喬苒接過契書抖了開來,而后指向契書上的名字,問他:“那為何這里寫的是你的名字?”
大楚律法對于稅這一途上還算是完善的,書坊找人寫話本子,賣話本子掙的錢也屬于要交的范圍之內。
如果是一本兩本賣的不好的話本子倒也罷了,似《書生神筆傳》這樣賣的這么的好的,長安府衙一定不會遺漏,提早拿了備錄的。
也就是說,她覺得趙東家會拿一張假契書誑她的可能性極小,畢竟這是走一趟長安府衙就能驗明的事。
只是契書上是王林翰的名字,收錢的卻未必真的是王林翰,有些人私底下有自己的盤算,那是查不到的。
所以只能從他們口中將話套出來。
雖然對于薛懷為什么會找人代簽她已經有了猜測,卻還差王林翰的親口承認。
果不其然,這個問題一出,王林翰便不屑的哼了一聲開口了:“還能為什么?自然是怕懷國公府的人發現罷了。
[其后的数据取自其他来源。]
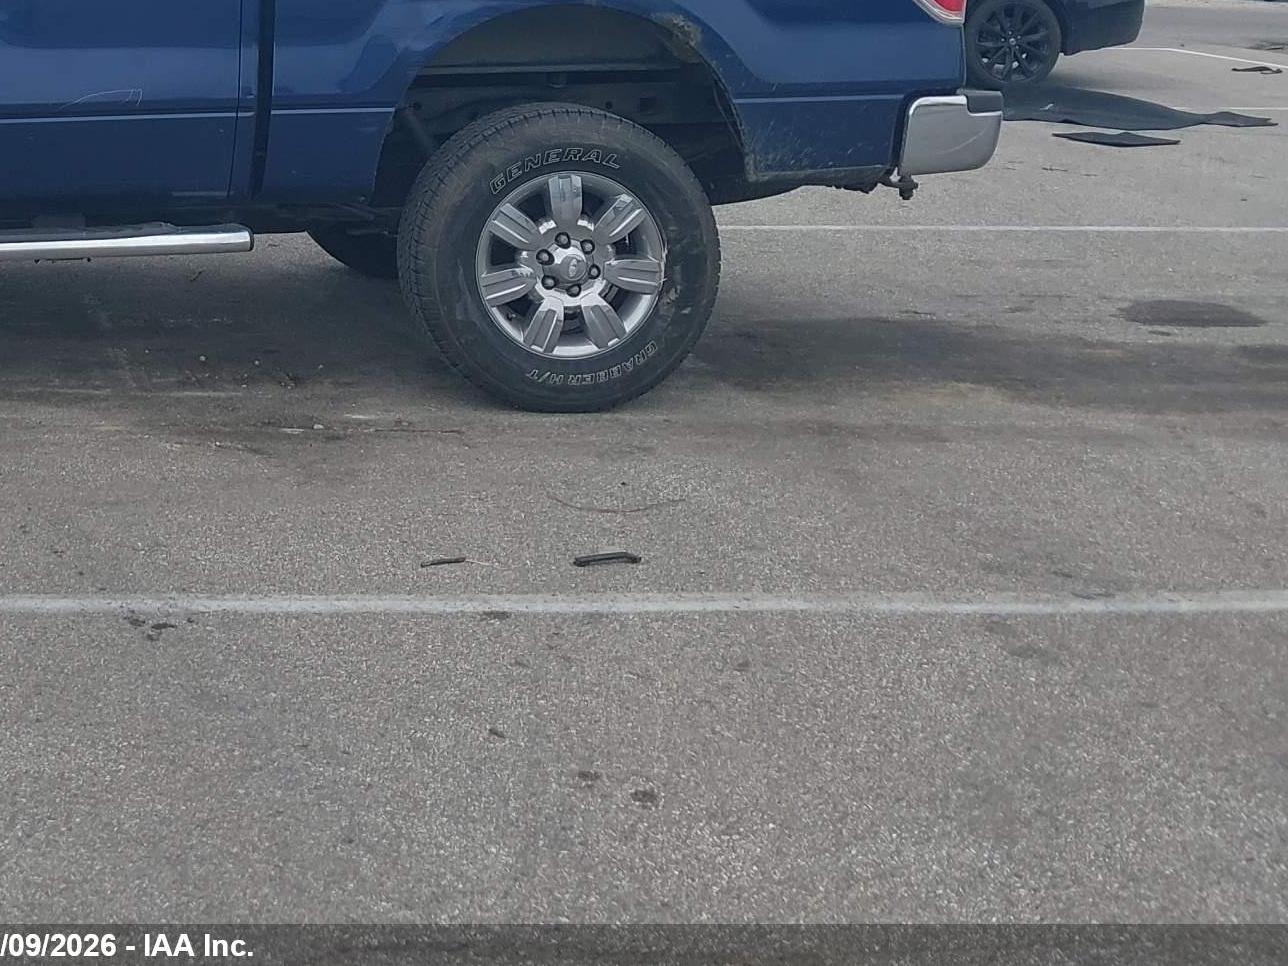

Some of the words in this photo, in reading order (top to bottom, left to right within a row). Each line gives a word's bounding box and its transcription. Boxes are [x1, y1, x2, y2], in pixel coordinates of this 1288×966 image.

他不是一直如此嗎?對著薛家的人跟做賊似的。”
有了王林翰的承認,喬苒笑了笑,頓了頓又道:“坊間對你寫的最后一冊并不滿意,可見你寫的并不好,薛懷自牢里出來之后怕是一出來就會來找你和趙東家,結果卻知曉你二人自己寫了新的一冊,他怕是因此不滿而與你們生了嫌隙。”
王林翰聽她如此說來,臉色一僵,卻還是硬著頭皮辯解道:“要找也是找那姓趙的,整件事都是他從中穿線,跟我沒什么關系。”
喬苒嗯了一聲,神情卻不置可否,只頓了頓,再次開口問他:“那一日你們沒有發生爭執嗎?”
“這算什么爭執,不過是吵架而已。”王林翰有些不耐煩的揮著手,似是想把面前這個女孩子趕出去。
這話一出,他并沒有發覺自己說了什么不該說的話,直到看到那女孩子身邊兩個人震驚的眼神才后知后覺的反應過來,看向眾人,不解的問道,“做什么看著我?”
那女孩子笑了笑,手一伸,指向外頭那座橋的方向,道:“薛懷從懷國公府來你這里,按理說是先到橋那里,而后繞過來走到這條街上見到你和那個東家,之后要離開應該從另一側離開,可為什么他們是在橋上出的事?”
王林翰臉色微變。
也就是說路徑和事情發生的前后不對。
薛懷這個案子里,不少都是事情的先后順序整理之后發現有問題的。
這也是其中一個。
方才王林翰脫口而出“吵架而已”可見那日已經見過薛懷了,所以,薛懷自懷國公府過來,經過橋面,結果地上打滑落入河中,這個說法并不成立。
要么便是薛懷見了他二人去而復返,要么便是在經過橋面之前,薛懷便已經見過王林翰和那書坊的東家了。
兩種推測,她更傾向于后者,畢竟若要讓人記起很久以前的事或許有些困難,可薛懷出事那天大理寺很快就到了,當時卻并沒有人之處見過薛懷。
這條街上那么多人,道路狹窄,多是走路的,薛懷坐馬車經過,有人看到定會提的,可事實是根本沒有人提這一茬。
“你那一日是在哪里見的薛懷?”喬苒斟酌了一下,再次開口問了起來。
王林翰沉默了下來,半晌之后,他回道:“前頭那條大街上的茶館。薛懷那個人警惕的很,怕經常出入我們這里會被薛家的人發現,每一次談話本子的事便同我們約在茶館。”
喬苒記起來的路上確實在前頭大街上看到過一家茶館,便點了點頭,道:“過后我會帶人去核實。”
不過,薛懷對薛家的警惕是不是太過了?想到薛懷的舉動,喬苒有些費解。
不過眼下,這件事暫時同案子沒什么關系,王林翰也在此時再次開口了。他道:“我騙你們作甚?他那話本子賣的好,賺了大錢,都是他和那姓趙的拿了大頭,我只拿了個添頭。”